Work to complete:
Please transcribe every entry below exactly, without including the pictures.

Image-backed grounding data:

+--

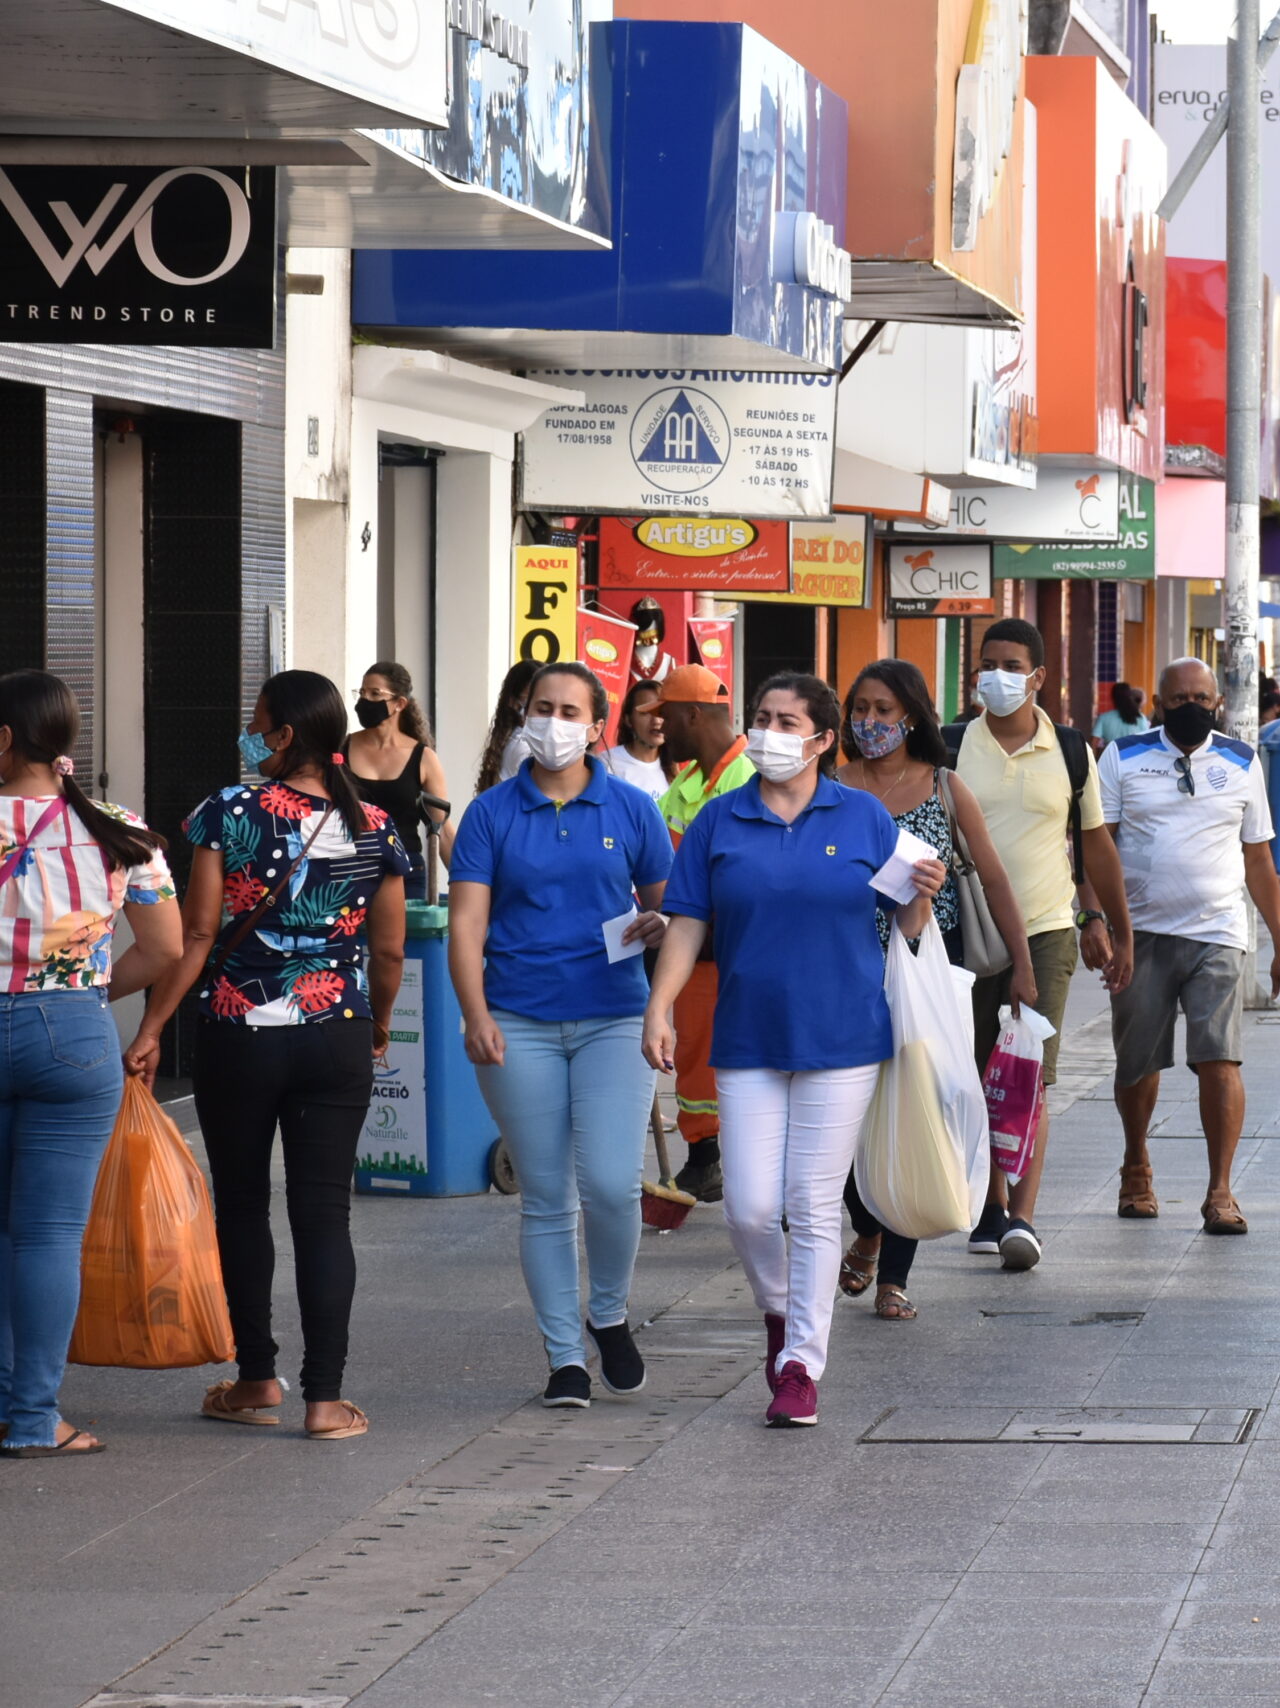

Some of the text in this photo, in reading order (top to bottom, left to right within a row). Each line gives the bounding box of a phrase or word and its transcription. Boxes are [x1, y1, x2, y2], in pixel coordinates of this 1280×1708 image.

[1158, 90, 1210, 105] erva
[7, 304, 217, 323] TREND STORE
[545, 419, 615, 430] FUNDADO EM
[640, 405, 667, 444] UNIDADE
[695, 405, 720, 444] SERVIÇO
[802, 413, 816, 423] DE
[557, 434, 612, 445] 17/08/1958
[664, 412, 697, 460] AA
[733, 428, 828, 442] SEGUNDA A SEXTA
[749, 446, 761, 455] 17
[781, 447, 793, 457] 19
[647, 464, 713, 475] RECUPERAÇÃO
[748, 476, 760, 486] 10
[780, 478, 792, 488] 12
[794, 479, 809, 489] HS
[641, 494, 709, 507] VISITE-NOS
[646, 522, 747, 550] Artigu's
[793, 538, 865, 565] REI DO
[525, 558, 569, 570] AQUI
[910, 566, 980, 595] CHIC
[895, 602, 915, 612] Preço
[916, 602, 927, 611] R$
[392, 1032, 417, 1042] PARTE
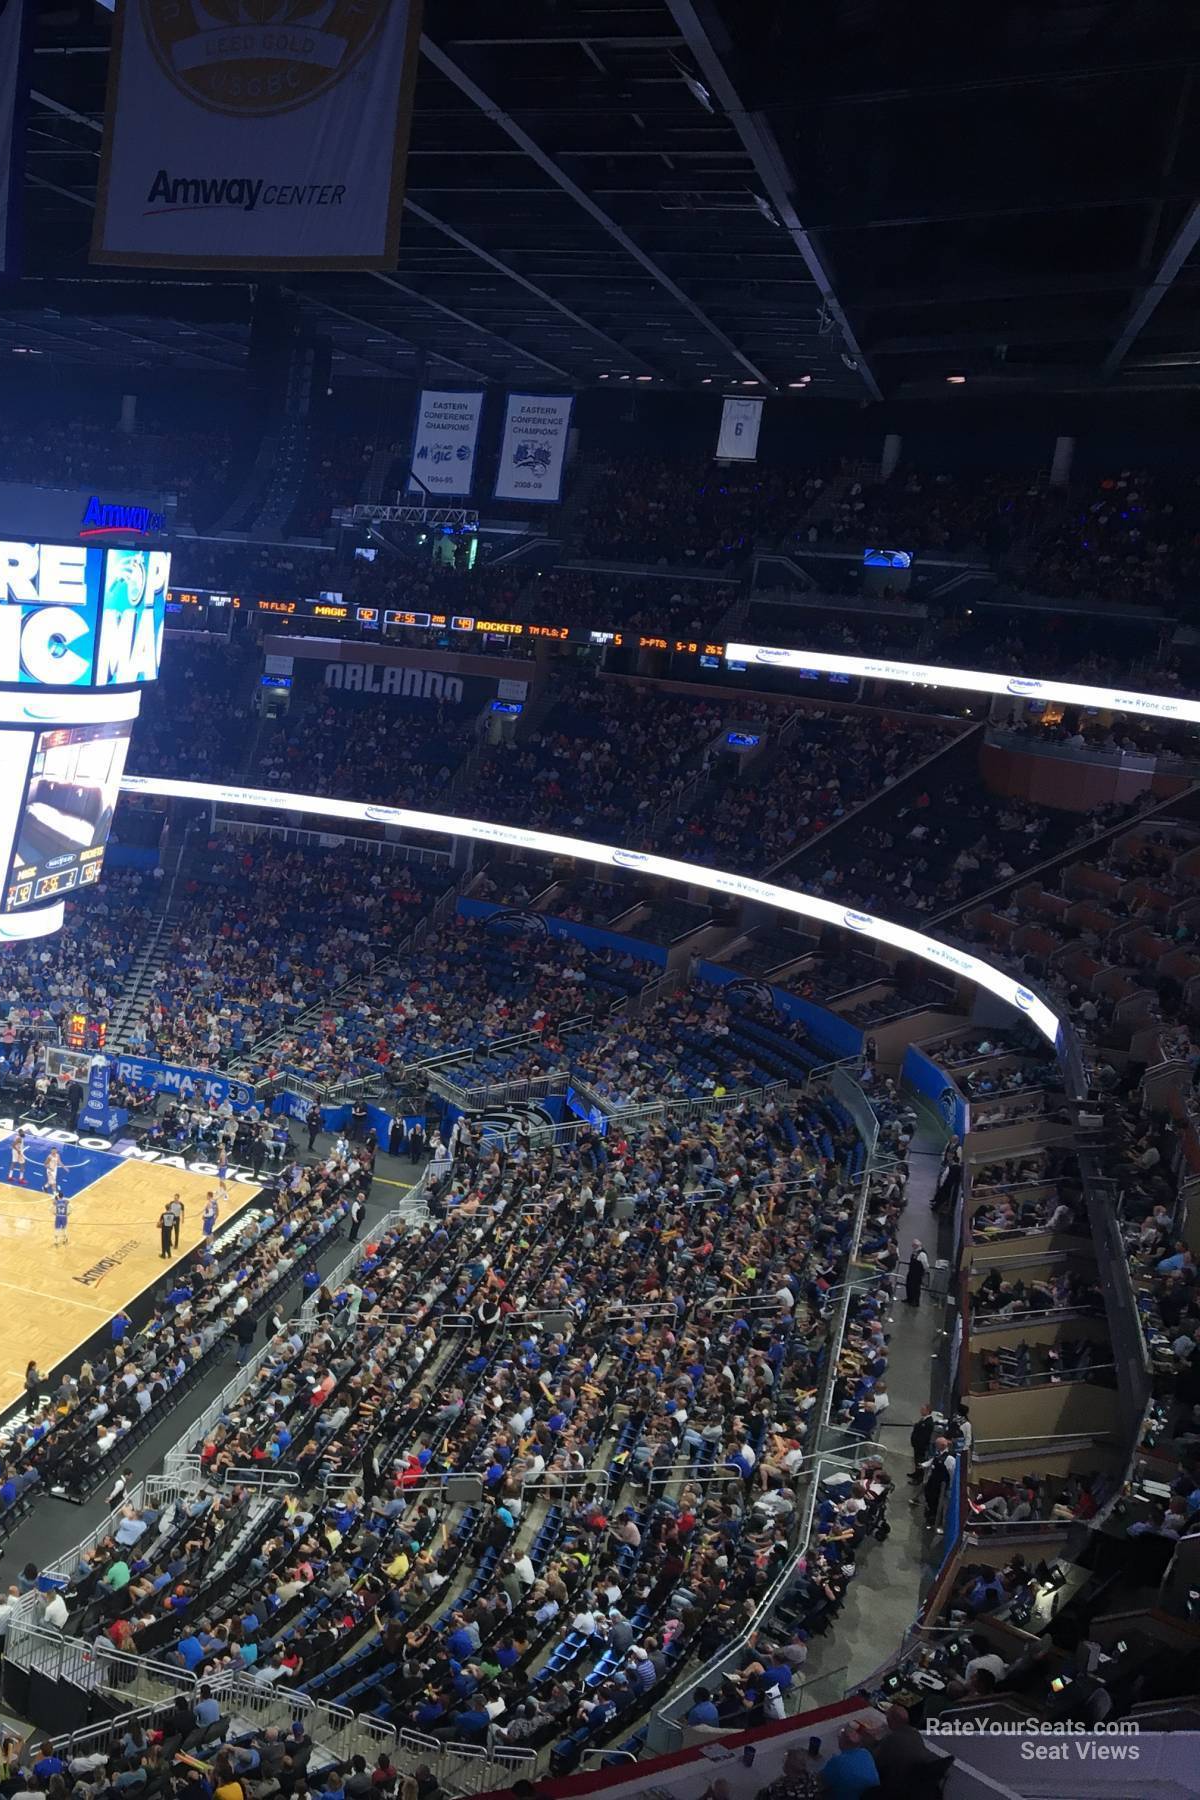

+--

Result for this task:
Some of the text in this photo, in reading order (top to bottom, left to right within a row). Each line gives the bounding box of a phrase or word and its transcription. Boxes are [x1, y1, x2, y2], in pixel coordinates of this 1280×1708 image.

[1158, 90, 1210, 105] erva
[7, 304, 217, 323] TREND STORE
[545, 419, 615, 430] FUNDADO EM
[640, 405, 667, 444] UNIDADE
[695, 405, 720, 444] SERVIÇO
[802, 413, 816, 423] DE
[557, 434, 612, 445] 17/08/1958
[664, 412, 697, 460] AA
[733, 428, 828, 442] SEGUNDA A SEXTA
[749, 446, 761, 455] 17
[781, 447, 793, 457] 19
[647, 464, 713, 475] RECUPERAÇÃO
[748, 476, 760, 486] 10
[780, 478, 792, 488] 12
[794, 479, 809, 489] HS
[641, 494, 709, 507] VISITE-NOS
[646, 522, 747, 550] Artigu's
[793, 538, 865, 565] REI DO
[525, 558, 569, 570] AQUI
[910, 566, 980, 595] CHIC
[895, 602, 915, 612] Preço
[916, 602, 927, 611] R$
[392, 1032, 417, 1042] PARTE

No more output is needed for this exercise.